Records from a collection
-- Opening Marker --
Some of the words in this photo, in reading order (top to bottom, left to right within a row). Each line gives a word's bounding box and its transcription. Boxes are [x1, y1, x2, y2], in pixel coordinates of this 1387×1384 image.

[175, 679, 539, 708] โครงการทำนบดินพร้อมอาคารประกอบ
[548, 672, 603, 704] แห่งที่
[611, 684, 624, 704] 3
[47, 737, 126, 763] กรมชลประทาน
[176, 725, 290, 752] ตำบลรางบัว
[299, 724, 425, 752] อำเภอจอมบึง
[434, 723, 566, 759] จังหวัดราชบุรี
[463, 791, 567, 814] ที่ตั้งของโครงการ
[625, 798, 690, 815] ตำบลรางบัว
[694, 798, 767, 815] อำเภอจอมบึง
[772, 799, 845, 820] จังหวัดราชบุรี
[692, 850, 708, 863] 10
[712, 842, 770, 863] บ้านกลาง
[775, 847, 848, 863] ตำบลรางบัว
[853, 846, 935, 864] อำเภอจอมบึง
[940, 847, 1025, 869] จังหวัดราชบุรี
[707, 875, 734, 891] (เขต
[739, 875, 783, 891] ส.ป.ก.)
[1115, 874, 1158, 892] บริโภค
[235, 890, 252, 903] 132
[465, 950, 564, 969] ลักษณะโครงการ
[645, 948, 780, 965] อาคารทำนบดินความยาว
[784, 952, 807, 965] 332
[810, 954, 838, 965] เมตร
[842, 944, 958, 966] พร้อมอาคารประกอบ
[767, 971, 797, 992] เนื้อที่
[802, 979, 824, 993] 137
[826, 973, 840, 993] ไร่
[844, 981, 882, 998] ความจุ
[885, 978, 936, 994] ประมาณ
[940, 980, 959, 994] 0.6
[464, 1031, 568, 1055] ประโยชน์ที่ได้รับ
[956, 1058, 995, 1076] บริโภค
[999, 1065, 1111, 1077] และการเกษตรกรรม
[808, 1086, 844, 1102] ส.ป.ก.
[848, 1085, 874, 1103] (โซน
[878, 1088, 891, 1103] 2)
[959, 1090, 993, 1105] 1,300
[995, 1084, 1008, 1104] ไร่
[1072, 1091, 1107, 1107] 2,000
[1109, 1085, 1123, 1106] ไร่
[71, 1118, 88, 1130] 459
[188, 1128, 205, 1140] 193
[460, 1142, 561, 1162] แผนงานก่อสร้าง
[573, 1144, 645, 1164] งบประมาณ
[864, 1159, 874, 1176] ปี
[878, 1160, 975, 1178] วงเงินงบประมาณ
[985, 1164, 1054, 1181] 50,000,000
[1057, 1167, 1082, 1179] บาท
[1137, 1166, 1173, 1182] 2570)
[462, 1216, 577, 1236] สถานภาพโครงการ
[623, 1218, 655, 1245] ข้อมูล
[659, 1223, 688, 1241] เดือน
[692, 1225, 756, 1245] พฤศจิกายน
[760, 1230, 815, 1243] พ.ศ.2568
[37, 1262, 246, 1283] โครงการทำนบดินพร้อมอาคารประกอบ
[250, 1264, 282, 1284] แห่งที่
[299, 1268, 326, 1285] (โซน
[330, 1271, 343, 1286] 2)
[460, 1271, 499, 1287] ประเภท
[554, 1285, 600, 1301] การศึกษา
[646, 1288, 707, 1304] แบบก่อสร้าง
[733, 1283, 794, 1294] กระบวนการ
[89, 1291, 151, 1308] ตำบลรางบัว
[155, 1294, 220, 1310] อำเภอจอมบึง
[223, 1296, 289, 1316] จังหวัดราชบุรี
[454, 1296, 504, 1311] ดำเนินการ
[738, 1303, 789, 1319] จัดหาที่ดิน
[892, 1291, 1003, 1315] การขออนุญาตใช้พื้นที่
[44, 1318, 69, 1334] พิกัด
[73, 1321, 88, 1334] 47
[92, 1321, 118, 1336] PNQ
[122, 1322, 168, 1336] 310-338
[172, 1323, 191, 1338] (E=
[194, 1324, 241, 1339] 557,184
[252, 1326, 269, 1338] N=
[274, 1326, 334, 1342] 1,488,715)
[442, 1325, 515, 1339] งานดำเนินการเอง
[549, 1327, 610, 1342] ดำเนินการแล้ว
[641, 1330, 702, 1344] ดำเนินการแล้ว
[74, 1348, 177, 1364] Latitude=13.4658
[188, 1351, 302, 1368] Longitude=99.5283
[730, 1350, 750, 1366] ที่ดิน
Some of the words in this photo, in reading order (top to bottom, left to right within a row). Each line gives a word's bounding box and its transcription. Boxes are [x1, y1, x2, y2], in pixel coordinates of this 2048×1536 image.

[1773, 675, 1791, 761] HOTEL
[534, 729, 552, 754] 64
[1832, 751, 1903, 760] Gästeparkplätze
-- Closing Marker --
*PROBLEM DETAILS*. Extract, exactly, the lines above that begin at the line containing "this 2048×1536 image." and end at the final line of the records; add no other text.

*EXERCISE RESULT*.
Some of the words in this photo, in reading order (top to bottom, left to right within a row). Each line gives a word's bounding box and its transcription. Boxes are [x1, y1, x2, y2], in pixel coordinates of this 2048×1536 image.

[1773, 675, 1791, 761] HOTEL
[534, 729, 552, 754] 64
[1832, 751, 1903, 760] Gästeparkplätze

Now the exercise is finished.